When they broke apart, both breathing hard, he rested his forehead against hers.
"I've wanted to do that since the rain," he said.
She laughed, breathless. "You fixed my fence."
"I'd burn it down if you asked me to."
She kissed him again. And again. And when she finally pulled back, her heart was pounding so hard she could feel it in her throat.
"Whatever you're hiding," she said, "whatever you think is going to make me leave,it won't. I'm not going anywhere."
He looked at her for a long moment, something shifting behind his eyes. Hope..maybe,or surrender.
"You say that now," he said.
"I'll say it tomorrow too."
He smiled, one that softened all the hard edges of his face. "Tomorrow. I like the sound of that."
He left as the sun was setting, promising to come back in the morning. Nora watched him cross the yard, watched him pause at the fence line to look back at her, watched him disappear into his house with a wave that made her chest ache in the best way.
She spent the evening floating through her cottage, touching things without seeing them, replaying the kiss on a loop. She made tea she forgot to drink. She sat on her couch with a book she didn't open. She was smiling so much her cheeks hurt.

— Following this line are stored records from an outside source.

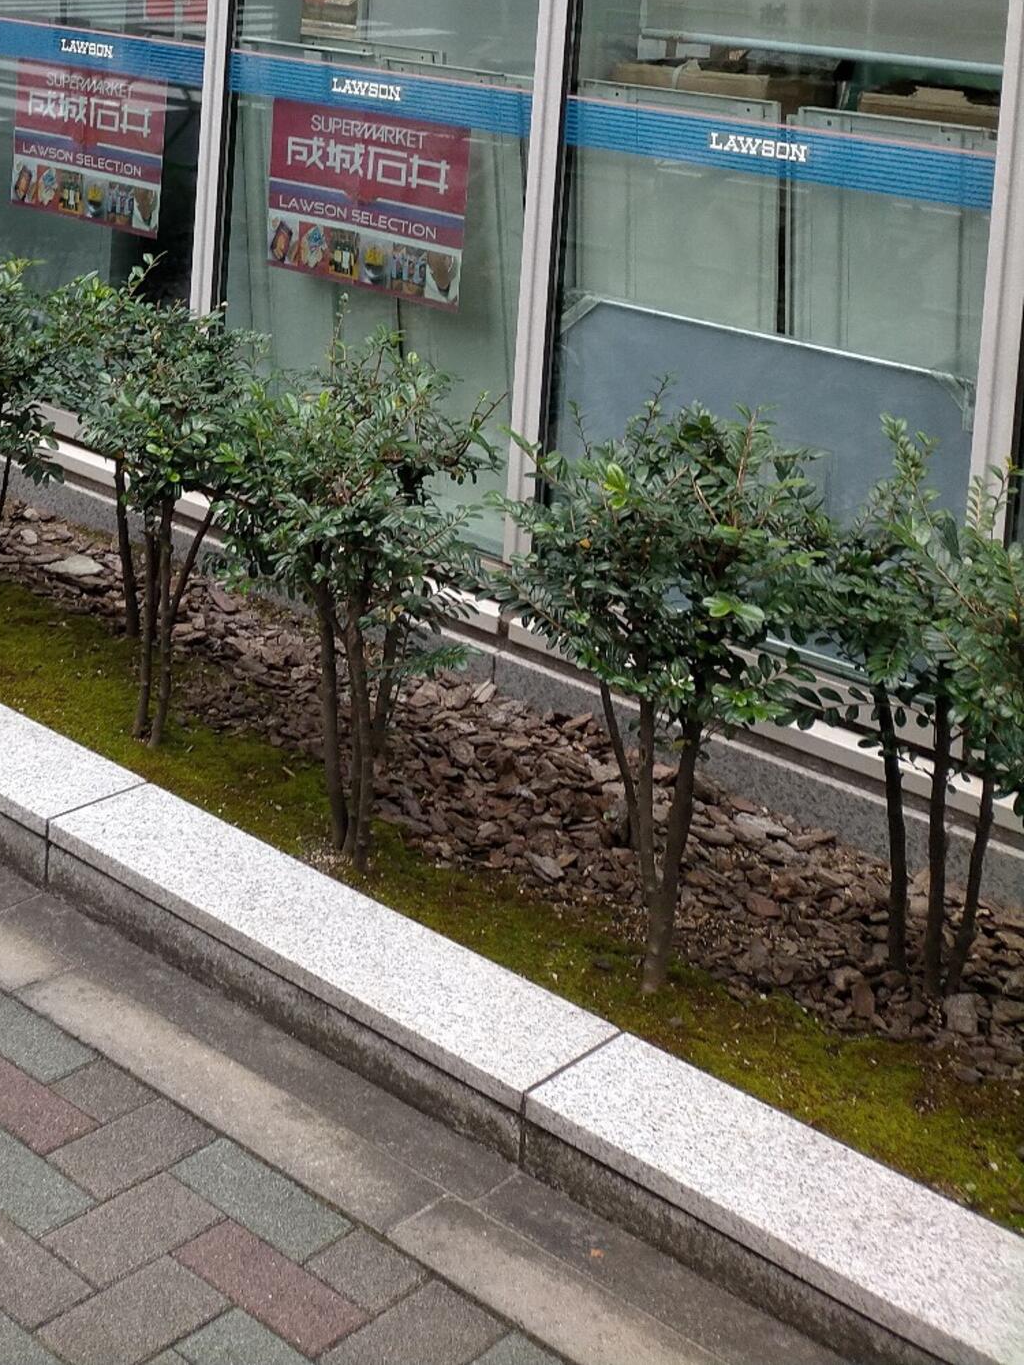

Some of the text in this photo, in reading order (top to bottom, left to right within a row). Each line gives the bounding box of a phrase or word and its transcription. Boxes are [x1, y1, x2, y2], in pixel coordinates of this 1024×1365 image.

[60, 38, 114, 60] LAWSON
[46, 71, 135, 101] SUPERMARKET
[331, 77, 402, 102] LAWSON
[28, 89, 152, 139] 成城石井
[310, 114, 426, 150] SUPERMARKET
[709, 132, 808, 163] LAWSON
[22, 144, 142, 178] LAWSON SELECTION
[286, 136, 451, 195] 成城石井
[279, 195, 437, 240] LAWSON SELECTION
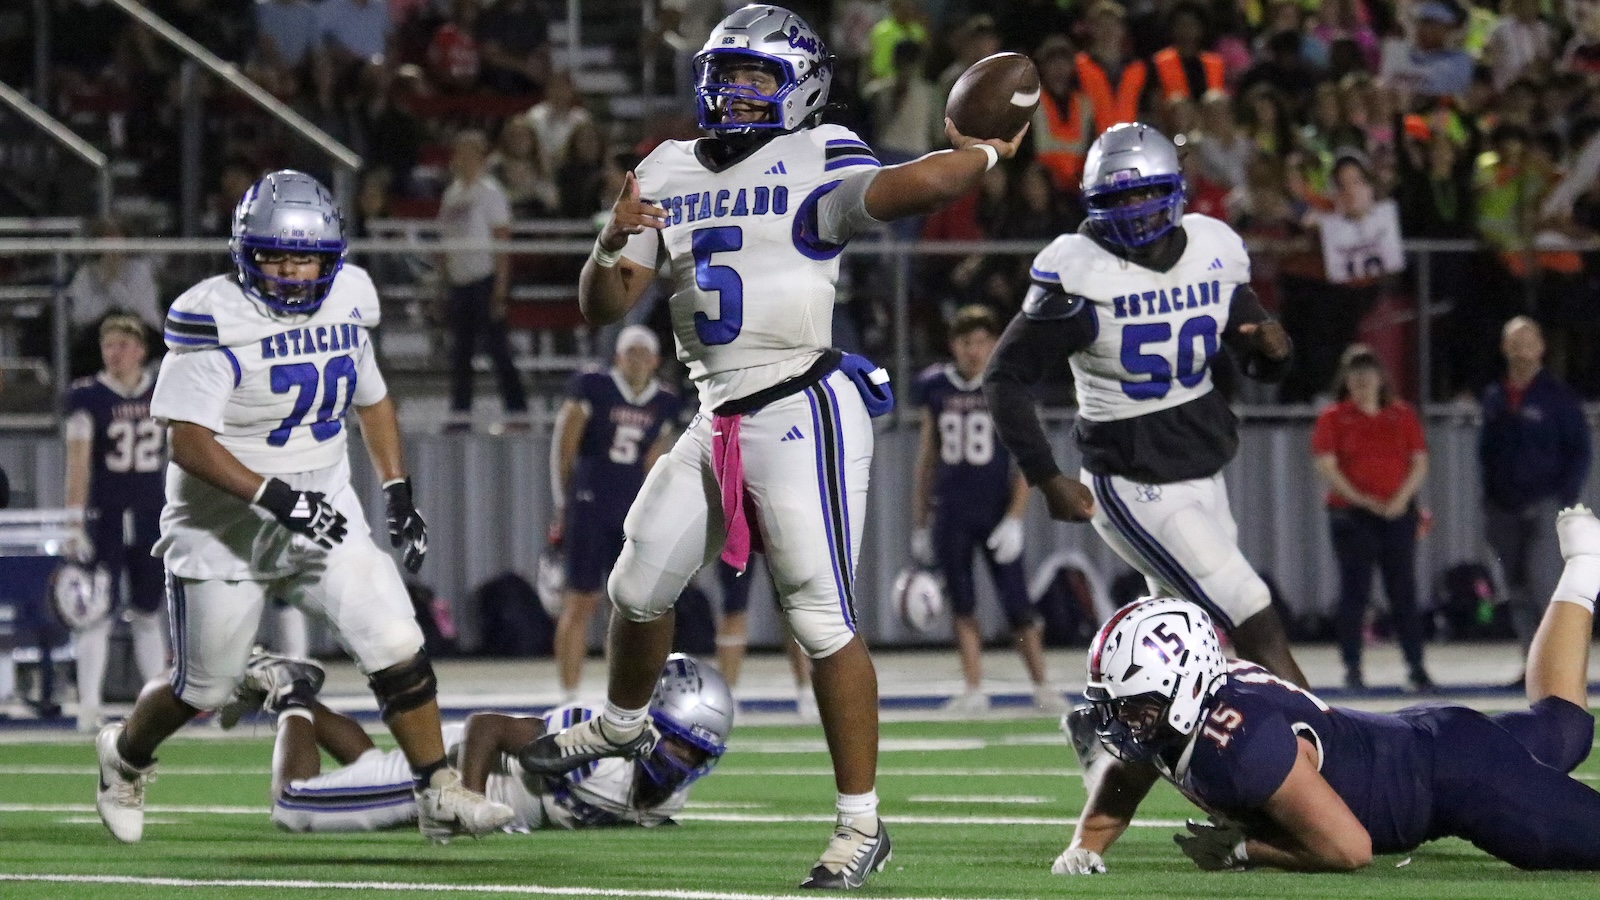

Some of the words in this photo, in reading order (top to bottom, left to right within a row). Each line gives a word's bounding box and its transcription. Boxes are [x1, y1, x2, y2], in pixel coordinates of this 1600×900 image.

[691, 225, 744, 346] 5
[1112, 280, 1220, 319] ESTACADO
[260, 323, 360, 360] ESTACADO
[1119, 315, 1218, 402] 50
[266, 354, 358, 448] 70
[105, 420, 163, 473] 32
[609, 425, 645, 464] 5
[938, 411, 994, 466] 88
[1141, 621, 1186, 666] 15
[1203, 703, 1246, 748] 15

The knock came just after dark.
Her first thought was Rowan. Maybe he'd changed his mind about waiting. Maybe he wanted to kiss her again. She hurried to the door, her heart already racing, a smile already forming.
But the woman on her porch was not Rowan.

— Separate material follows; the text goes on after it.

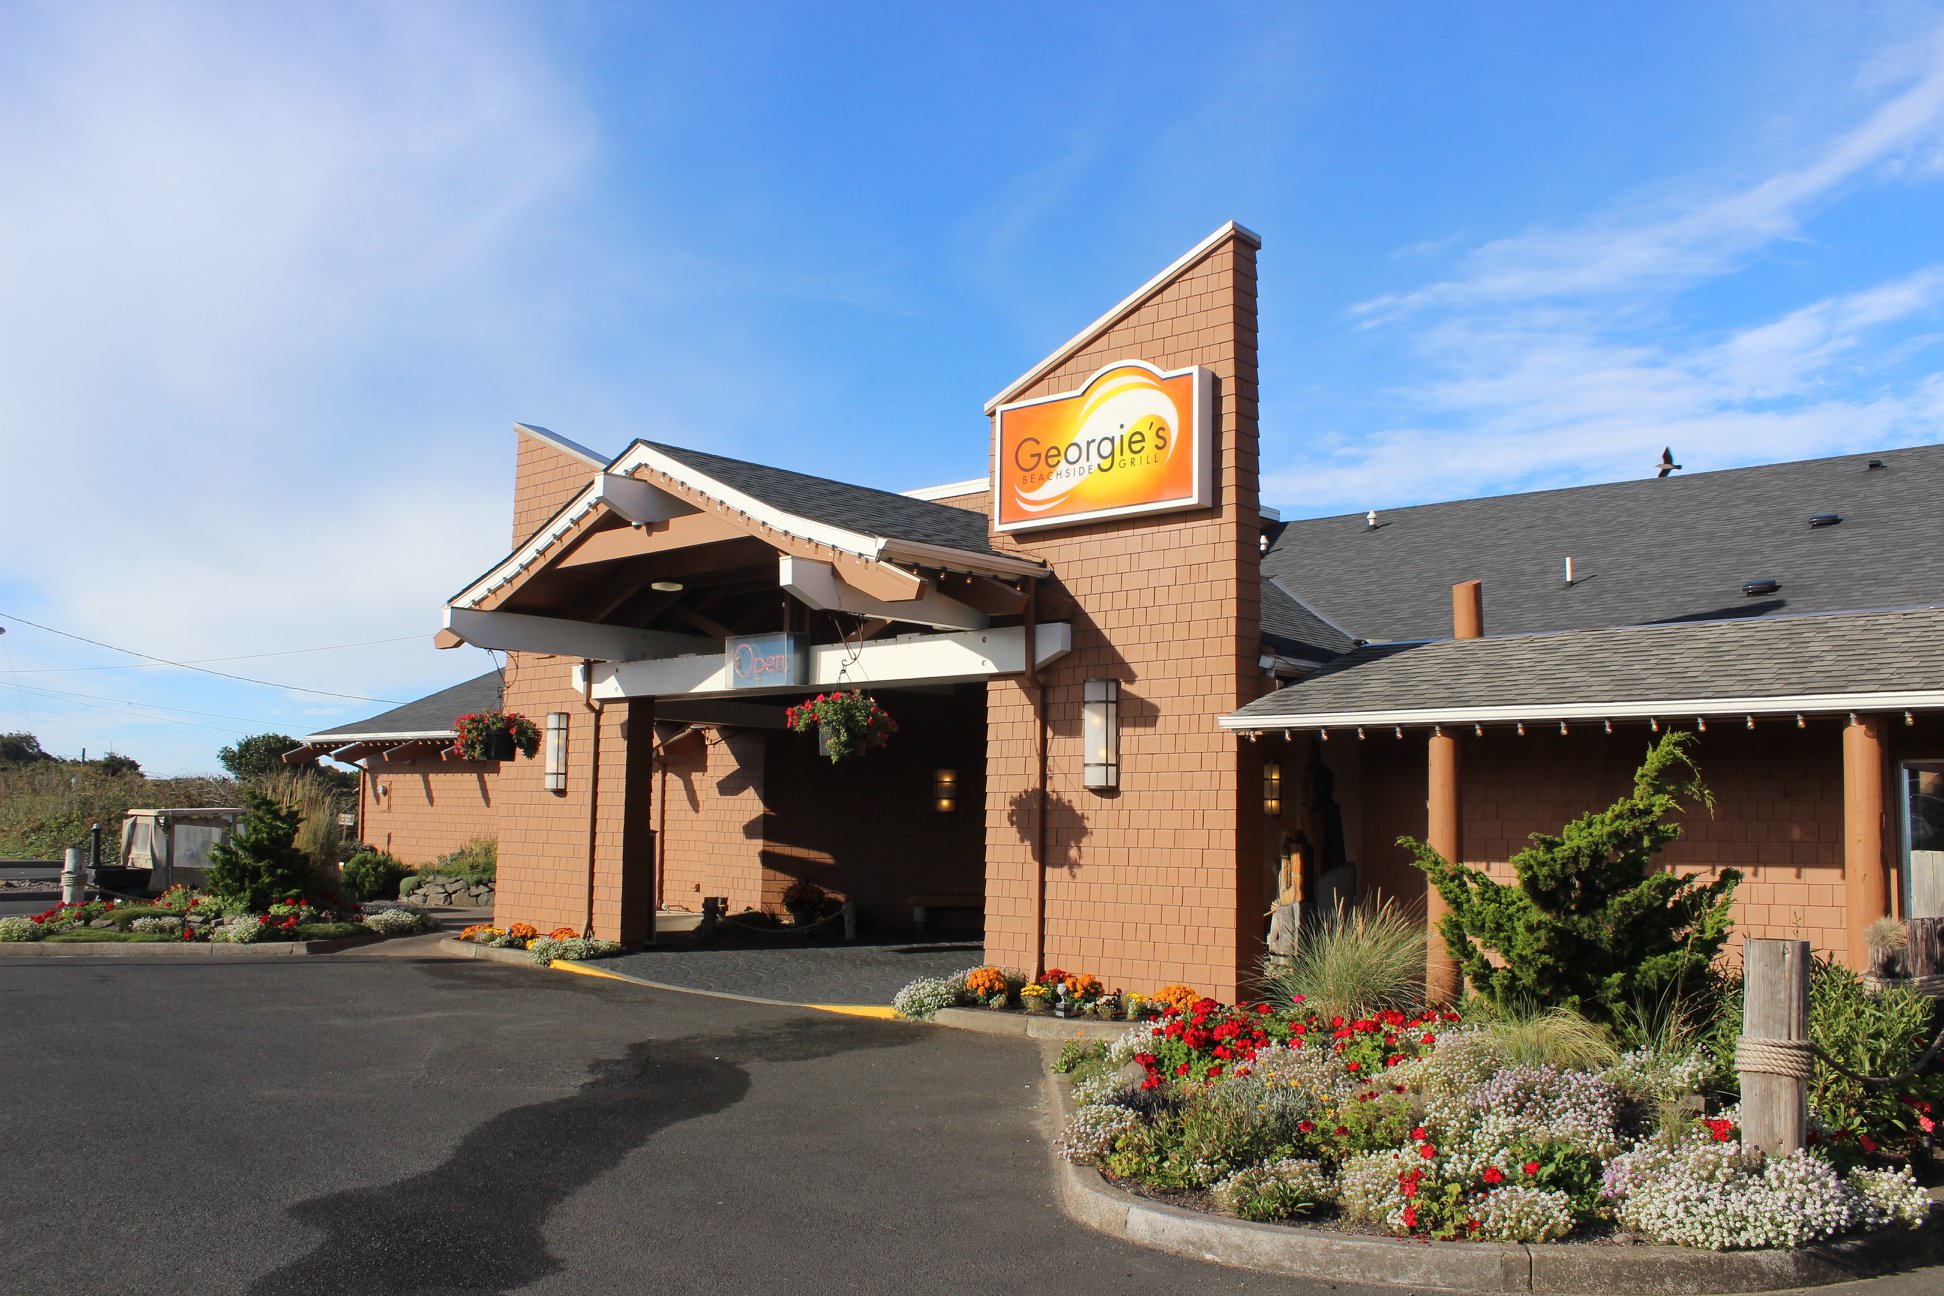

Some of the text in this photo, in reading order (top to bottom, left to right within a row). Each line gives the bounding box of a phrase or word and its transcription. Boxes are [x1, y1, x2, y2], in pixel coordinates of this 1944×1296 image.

She was beautiful in a way that made Nora instinctively straighten her posture. Tall, dark hair falling in perfect waves, grey eyes that caught the porch light like cut glass. She wore a coat that probably cost more than everything Nora owned and smiled in a way that didn't touch her eyes.
"Hello," the woman said, her voice smooth as cream. "You must be Nora."
Nora's hand tightened on the door. "Who are you?"
"Selene Kane." She tilted her head, her gaze sweeping over Nora with the slow assessment of someone appraising something she intended to destroy. "I've heard so much about you,I had to come see for myself."
"I don't know you..what do you want?"
Selene's smile widened, and something flickered in those grey eyes. Something cold. Something hungry. "I want what belongs to me. And you, Nora Hale, are in the way."
Before Nora could respond, before she could slam the door, Selene moved.